[Mailman-Developers] Limiting copies of cross posts sent

Christopher G. Petrilli petrilli@amber.org
Fri, 29 Jan 1999 16:02:54 -0500


On Fri, Jan 29, 1999 at 02:46:59PM -0600, Jeffrey C. Ollie wrote:
> > * Sendmail only does this under SMTP, not under anything else
> 
> Not if you add the 'm' flag to the delivery agent.  Then sendmail will
> invoke the delivery agent with multiple recipients specified on the
> command line.

Interesting, I've never seen this used for mailing lists, so I don't
know what to say... obviously this is a sendmail only thing that gets
into the whole problem outlined below.

> > So, that means that Mailman would have to accept its messages over SMTP,
> > which sin't in itself a problem... the problem is that as far as I've
> > been able to determine, sendmail can't be told to deliver SMTP mail to a
> > different port than 25.
> 
> Actually you can, see p522 in the 2nd edition of _Sendmail_ (section
> 30.4.1.2).

I stand corrected, although I will point out that this is burried quite
late in the sendmail world, and 5 people I know who relaly know sendmail
didn't know this :-)  Hense, it's obscure at best... Regardless...

> > That's not nearly as ugly as the problems with doing it ... also it'd be
> > different for every mailer, and quite different in many cases I think.
> 
> Yes, existence of multiple SMTP daemons is a problem in that we'd have
> to provide documentation on how  to modify the configuration for many
> different daemons.  However doesn't this already happen?  Aren't
> sendmail, exim, qmail, or whatever sufficiently different in their
> implementation that setup is already problematic?

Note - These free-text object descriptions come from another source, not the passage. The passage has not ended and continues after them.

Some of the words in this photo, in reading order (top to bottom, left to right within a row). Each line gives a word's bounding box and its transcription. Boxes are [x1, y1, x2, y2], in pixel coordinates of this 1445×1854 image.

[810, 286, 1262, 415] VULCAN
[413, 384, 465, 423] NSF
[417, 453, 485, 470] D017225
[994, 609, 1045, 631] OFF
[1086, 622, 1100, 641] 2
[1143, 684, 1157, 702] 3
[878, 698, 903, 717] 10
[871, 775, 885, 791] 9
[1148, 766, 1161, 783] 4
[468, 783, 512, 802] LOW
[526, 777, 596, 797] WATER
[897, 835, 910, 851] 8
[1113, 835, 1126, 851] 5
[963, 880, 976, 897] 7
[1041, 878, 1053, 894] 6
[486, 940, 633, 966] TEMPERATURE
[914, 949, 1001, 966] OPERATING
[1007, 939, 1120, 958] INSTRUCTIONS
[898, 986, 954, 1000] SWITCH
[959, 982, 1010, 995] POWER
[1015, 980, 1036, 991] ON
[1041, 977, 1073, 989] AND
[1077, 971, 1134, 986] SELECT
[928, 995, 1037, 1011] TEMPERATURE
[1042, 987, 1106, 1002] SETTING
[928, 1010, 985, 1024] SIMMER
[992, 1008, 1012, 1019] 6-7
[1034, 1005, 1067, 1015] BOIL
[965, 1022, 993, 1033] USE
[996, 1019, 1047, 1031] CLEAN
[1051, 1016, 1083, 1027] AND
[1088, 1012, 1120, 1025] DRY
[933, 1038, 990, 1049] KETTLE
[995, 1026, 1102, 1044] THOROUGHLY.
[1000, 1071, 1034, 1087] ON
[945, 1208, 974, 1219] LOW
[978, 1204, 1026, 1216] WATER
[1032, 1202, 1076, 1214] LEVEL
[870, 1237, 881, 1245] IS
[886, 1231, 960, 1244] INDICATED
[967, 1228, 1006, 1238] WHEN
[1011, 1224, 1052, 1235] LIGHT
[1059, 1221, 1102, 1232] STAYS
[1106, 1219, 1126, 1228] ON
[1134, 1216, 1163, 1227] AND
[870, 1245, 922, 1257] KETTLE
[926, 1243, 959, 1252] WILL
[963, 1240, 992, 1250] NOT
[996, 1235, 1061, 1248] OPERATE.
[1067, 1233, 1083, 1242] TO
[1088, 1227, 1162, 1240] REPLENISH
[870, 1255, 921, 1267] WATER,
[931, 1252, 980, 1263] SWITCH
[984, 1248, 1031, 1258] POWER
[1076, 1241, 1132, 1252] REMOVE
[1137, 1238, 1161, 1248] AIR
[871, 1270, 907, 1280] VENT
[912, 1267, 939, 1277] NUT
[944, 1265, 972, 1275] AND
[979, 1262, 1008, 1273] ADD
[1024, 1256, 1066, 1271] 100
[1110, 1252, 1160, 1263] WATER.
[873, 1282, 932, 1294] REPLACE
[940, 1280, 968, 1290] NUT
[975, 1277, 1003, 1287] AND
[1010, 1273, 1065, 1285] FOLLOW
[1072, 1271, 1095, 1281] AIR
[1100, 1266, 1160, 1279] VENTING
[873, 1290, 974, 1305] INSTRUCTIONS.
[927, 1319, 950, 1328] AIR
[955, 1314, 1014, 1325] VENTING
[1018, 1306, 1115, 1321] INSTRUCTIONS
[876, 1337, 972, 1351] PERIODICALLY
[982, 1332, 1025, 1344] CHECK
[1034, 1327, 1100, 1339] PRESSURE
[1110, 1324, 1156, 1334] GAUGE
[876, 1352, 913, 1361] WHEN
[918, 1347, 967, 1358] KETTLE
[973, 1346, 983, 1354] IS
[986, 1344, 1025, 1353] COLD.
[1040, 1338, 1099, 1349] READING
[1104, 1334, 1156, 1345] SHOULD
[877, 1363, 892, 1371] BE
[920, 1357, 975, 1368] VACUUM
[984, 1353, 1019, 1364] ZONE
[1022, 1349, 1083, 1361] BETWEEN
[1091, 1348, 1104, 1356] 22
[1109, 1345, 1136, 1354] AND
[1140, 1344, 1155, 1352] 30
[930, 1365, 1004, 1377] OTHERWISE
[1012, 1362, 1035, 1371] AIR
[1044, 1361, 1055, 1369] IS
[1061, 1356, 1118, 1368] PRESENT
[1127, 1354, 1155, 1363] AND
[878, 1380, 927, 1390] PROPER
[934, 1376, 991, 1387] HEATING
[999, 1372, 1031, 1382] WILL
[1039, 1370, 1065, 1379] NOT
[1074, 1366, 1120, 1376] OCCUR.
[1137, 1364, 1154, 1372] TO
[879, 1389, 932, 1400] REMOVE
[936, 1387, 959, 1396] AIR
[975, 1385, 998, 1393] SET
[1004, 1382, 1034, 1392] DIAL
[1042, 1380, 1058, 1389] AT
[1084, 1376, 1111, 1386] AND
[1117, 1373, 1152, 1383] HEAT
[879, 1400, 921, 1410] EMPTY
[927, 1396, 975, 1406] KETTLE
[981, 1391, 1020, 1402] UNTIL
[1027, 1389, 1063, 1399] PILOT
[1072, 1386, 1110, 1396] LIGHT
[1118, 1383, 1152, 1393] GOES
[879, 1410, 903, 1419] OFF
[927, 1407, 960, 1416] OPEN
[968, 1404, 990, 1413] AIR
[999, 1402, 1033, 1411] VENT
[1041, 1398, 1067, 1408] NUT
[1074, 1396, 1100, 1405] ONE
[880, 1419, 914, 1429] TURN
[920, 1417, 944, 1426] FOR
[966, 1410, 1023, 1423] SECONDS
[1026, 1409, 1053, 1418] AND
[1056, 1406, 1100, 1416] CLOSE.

Dunno, at least with sendmail/postfix, it's just trivial additions to
the /etc/aliases file.  I use the same ones for postfix as you would for
sendmail, absolutely, no exceptions.  I THINK EXIM behaves the same way,
and I think qmail does as well.  This is trivially simple, it's also how
every other mailer plugs into the MTA world. (Ialso run full blown
LISTSERV).

> Another, more radical idea would be to completely replace the regular
> SMTP daemon with a SMTP daemon written in Python that integrates
> directly with MailMan.  I've been considering doing that for another,
> more radical project that I have in mind.  The only problem with this is
> that you have to dedicate a box to running MailMan and there would be
> some performace issues, but I guess that this would be offset by the
> ability to run MailMan on a Windows or Mac OS system.

I'm not sure this is a plus, considering I want a REALLY reliable system
:-)  I don't have a problem with someone writing a Python MTA (I've
thought about it many times) BUT... mailman can't use it, at least in my
opinion.  Period.  The MTA has to deal with /etc/aliases files just like
everyone else, it's a defacto-standard at this point.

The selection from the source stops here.